Regarding the role of NK cells and viral infection, a recent study found that aged mice exhibited increased lethality and defective viral clearance to ectromelia virus, the murine equivalent of human smallpox, when the virus was administered via footpad inoculation (32). Although aged mice exhibited defective CD8+ T-cell proliferation after viral infection compared with young mice, this defect appeared to be T-cell extrinsic as aged and young CD8+ T cells exhibited similar antiviral responses when adoptively transferred into a young host environment, whereas young CD8+ T cells exhibited impaired antiviral responses in an aged environment. One of these T-cell extrinsic factors was defective NK cell responses (32). Specifically, virally infected aged mice manifested an impaired accumulation of NK cells in the footpad draining lymph nodes than young infected mice, and this was mainly due to defective migration of mature (ie, CD27, CD11b+) NK cells (32). This defective migration was associated with reduced upregulation of CD62L (also known as L-selectin), which is an adhesion molecule that allows attachment of cells to high endothelial venules. Thus, this study documented that defective NK cell responses with aging influences the course of mousepox viral infection.

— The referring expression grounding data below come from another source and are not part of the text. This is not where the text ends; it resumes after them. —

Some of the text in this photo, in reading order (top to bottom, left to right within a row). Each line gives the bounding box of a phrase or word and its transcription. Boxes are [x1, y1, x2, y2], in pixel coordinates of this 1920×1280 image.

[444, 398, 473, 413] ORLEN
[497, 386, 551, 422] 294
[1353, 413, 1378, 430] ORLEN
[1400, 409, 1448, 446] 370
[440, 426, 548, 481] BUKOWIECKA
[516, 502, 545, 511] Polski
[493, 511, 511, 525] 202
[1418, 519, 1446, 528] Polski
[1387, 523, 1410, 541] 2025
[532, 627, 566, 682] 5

Altered myeloid DC priming function may contribute to the impaired CD8+ T-cell response to viral infection. One study found that the impaired CD8+ T-cell response to influenza viral infection of aged mice was augmented by the adoptive transfer of young DCs (34). Transfer of young DCs into young mice did not alter CD8+ T-cell response to influenza viral infection, suggesting that the transfer of young DCs to aged hosts to augment T-cell responses bypassed a defect in aged DCs. However, this study did not directly compare the priming function of aged and young DCs after adoptive transfer and did not determine any potential explanation as to why DCs from aged mice exhibit defective priming. This study indicates that T-cell extrinsic factors, which would include the innate immune system, affect the course of viral infection with aging. However, one study found that the aged host environment allowed priming of young viral reactive CD8+ T cells to a similar degree as a young host environment during Lymphocytic Choriomeningitis Virus infection (35).

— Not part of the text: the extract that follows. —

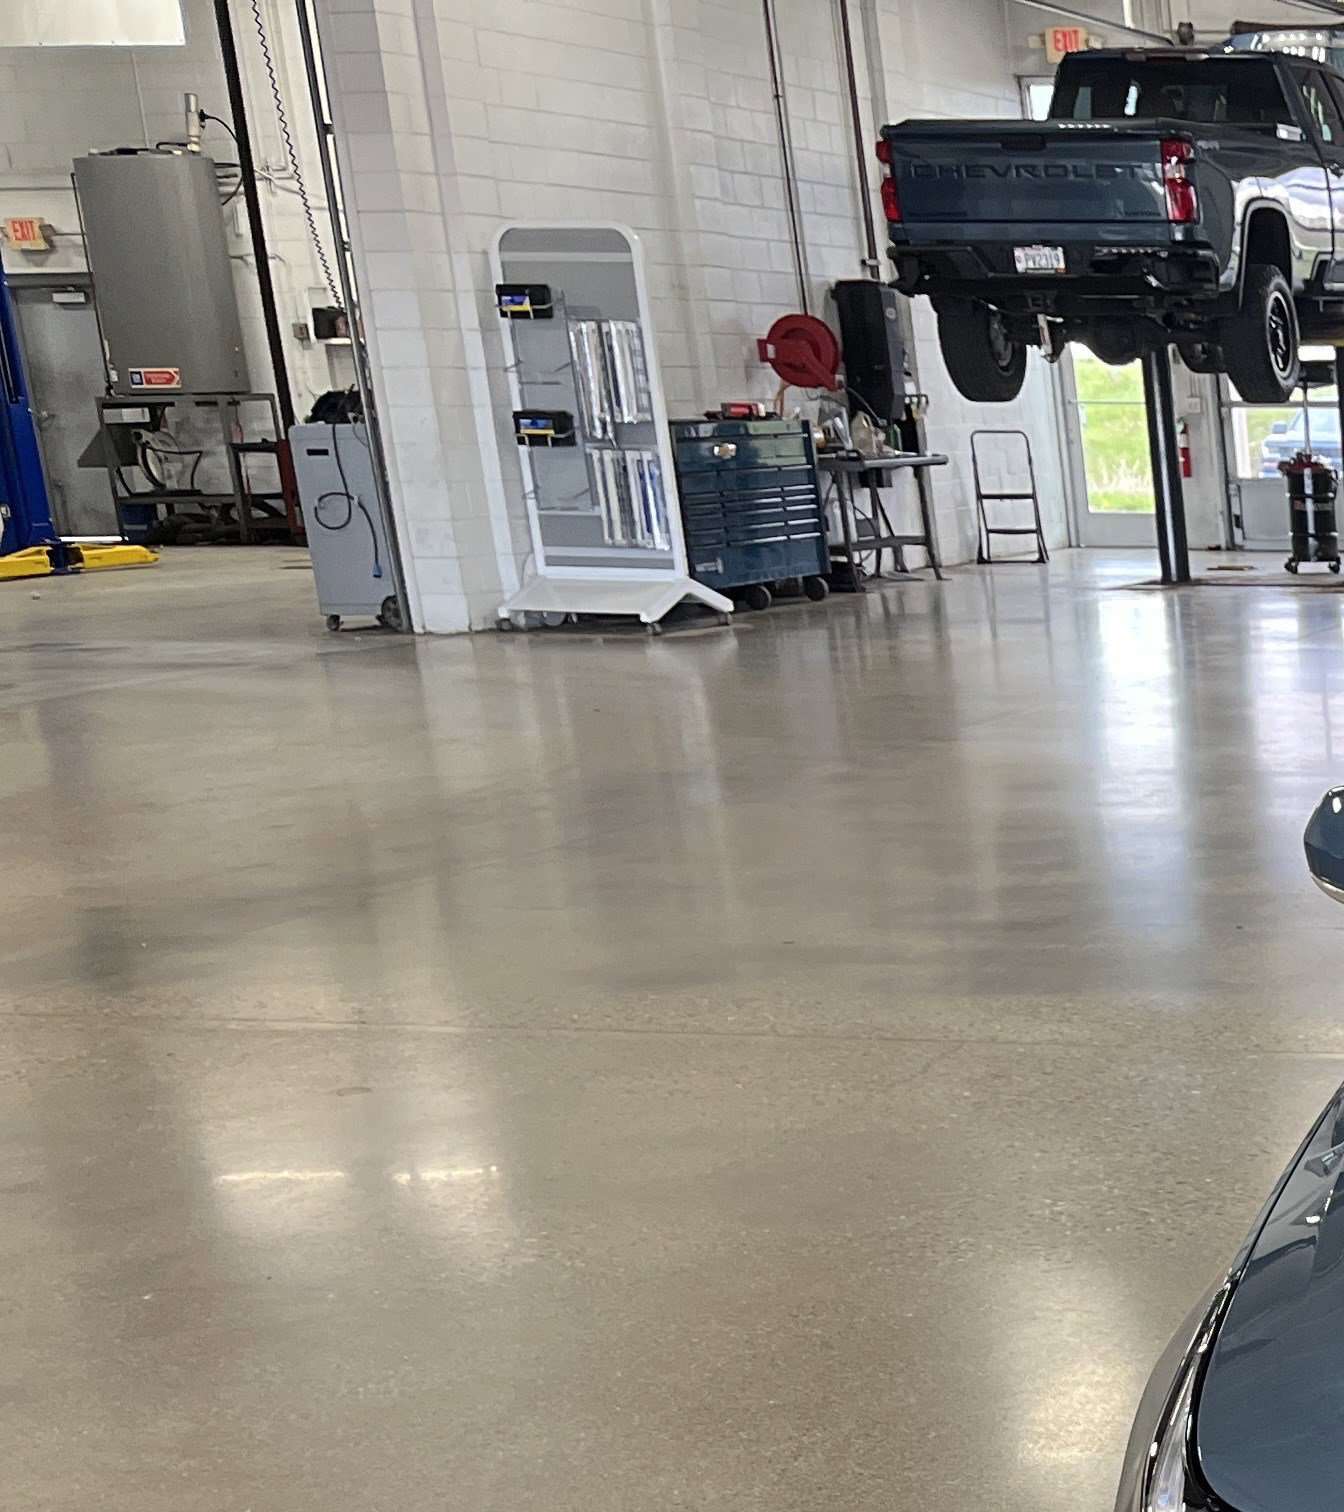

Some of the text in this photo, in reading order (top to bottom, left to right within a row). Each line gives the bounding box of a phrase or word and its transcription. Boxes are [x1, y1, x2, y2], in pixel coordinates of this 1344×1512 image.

[1053, 29, 1079, 51] EXIT
[910, 161, 1142, 181] CHEVROLET
[11, 219, 37, 241] EXIT

The reduced efficacy of the currently administered vaccines in older people has led to novel vaccine strategies to protect older people from viral infections. Because TLRs can act as adjuvants, one strategy is to link viral epitopes to TLR activators to enhance immune protection in older people. One specific vaccine platform that links viral epitopes to flagellin, a TLR5 activator, has been shown to induce protection in aged mice from subsequent influenza viral infection and to induce antiviral immunity safely in older people (44,45). A more in-depth discussion of novel vaccine adjuvants to enhance immune protection with aging will be the focus of a future review.

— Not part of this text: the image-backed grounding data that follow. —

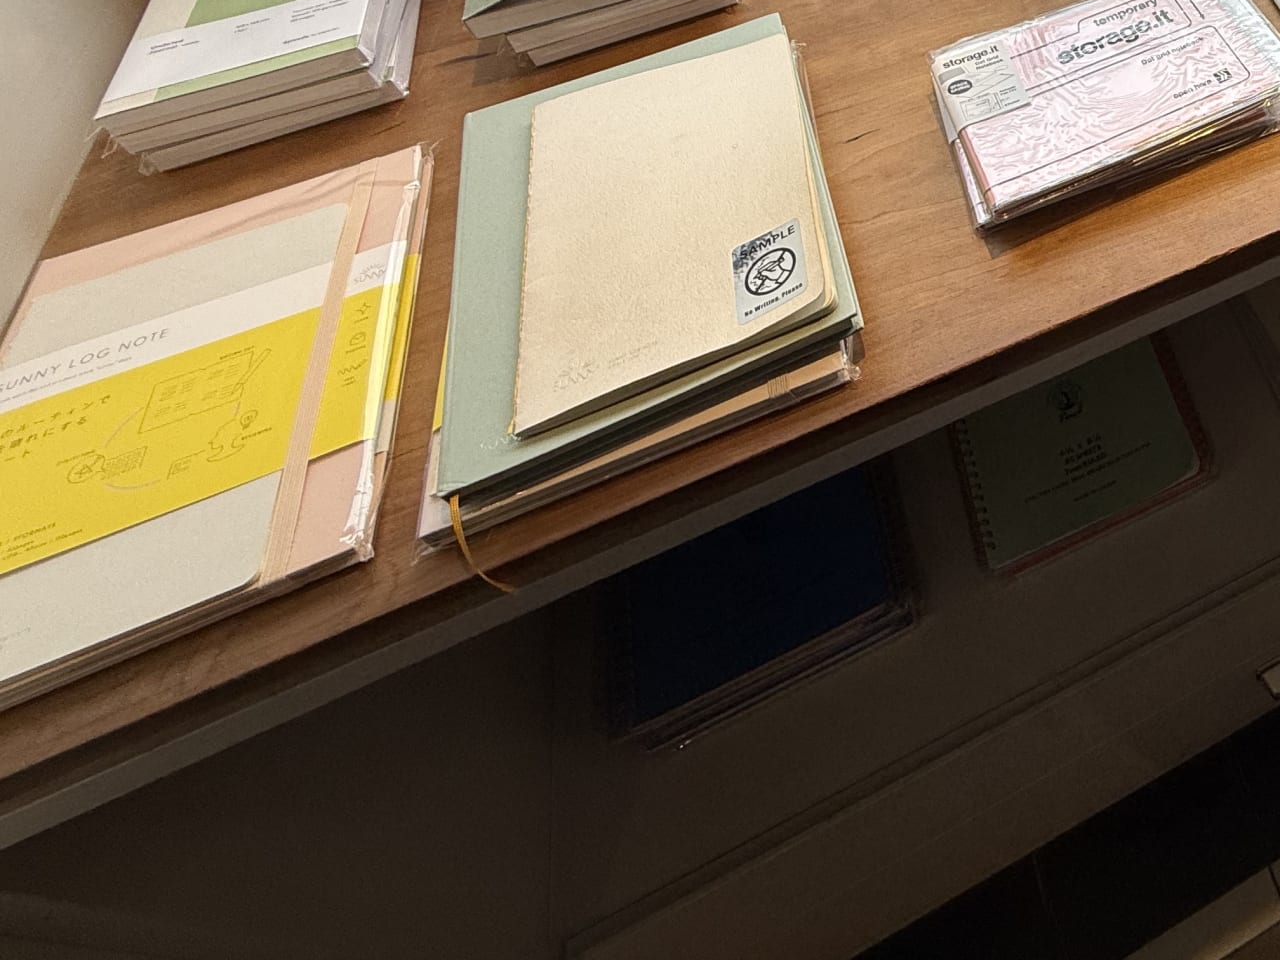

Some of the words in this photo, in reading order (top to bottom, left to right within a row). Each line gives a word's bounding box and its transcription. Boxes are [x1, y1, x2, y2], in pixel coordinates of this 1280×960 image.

[1057, 9, 1174, 65] storage.it
[942, 44, 1000, 70] storage.it
[740, 224, 796, 260] SAMPLE
[781, 282, 803, 298] Please
[68, 347, 111, 369] LOG
[118, 328, 169, 353] NOTE

CONCLUSIONS AND FUTURE DIRECTIONS

Studies over the last 10 years have indicated a role for the innate immune system in altered responses to viral infection with aging. Although declining adaptive immunity with aging likely plays a large role in the higher morbidity and mortality suffered by older people infected with viruses, emerging studies have provided experimental and clinical evidence that the innate immune system contributes to the impaired response to viral infection with aging. Our understanding of how viruses are recognized by the innate immune system is rapidly evolving. It will be important for both future clinical and experimental studies to determine how aging affects some of these pathways, for example, the RIG-I and NLRs, as this knowledge may lead to improved or new therapies to reduce morbidity after viral infection in older people.

FUNDING

D.R.G is supported by National Institutes of Health grants AG028082 and AG033049.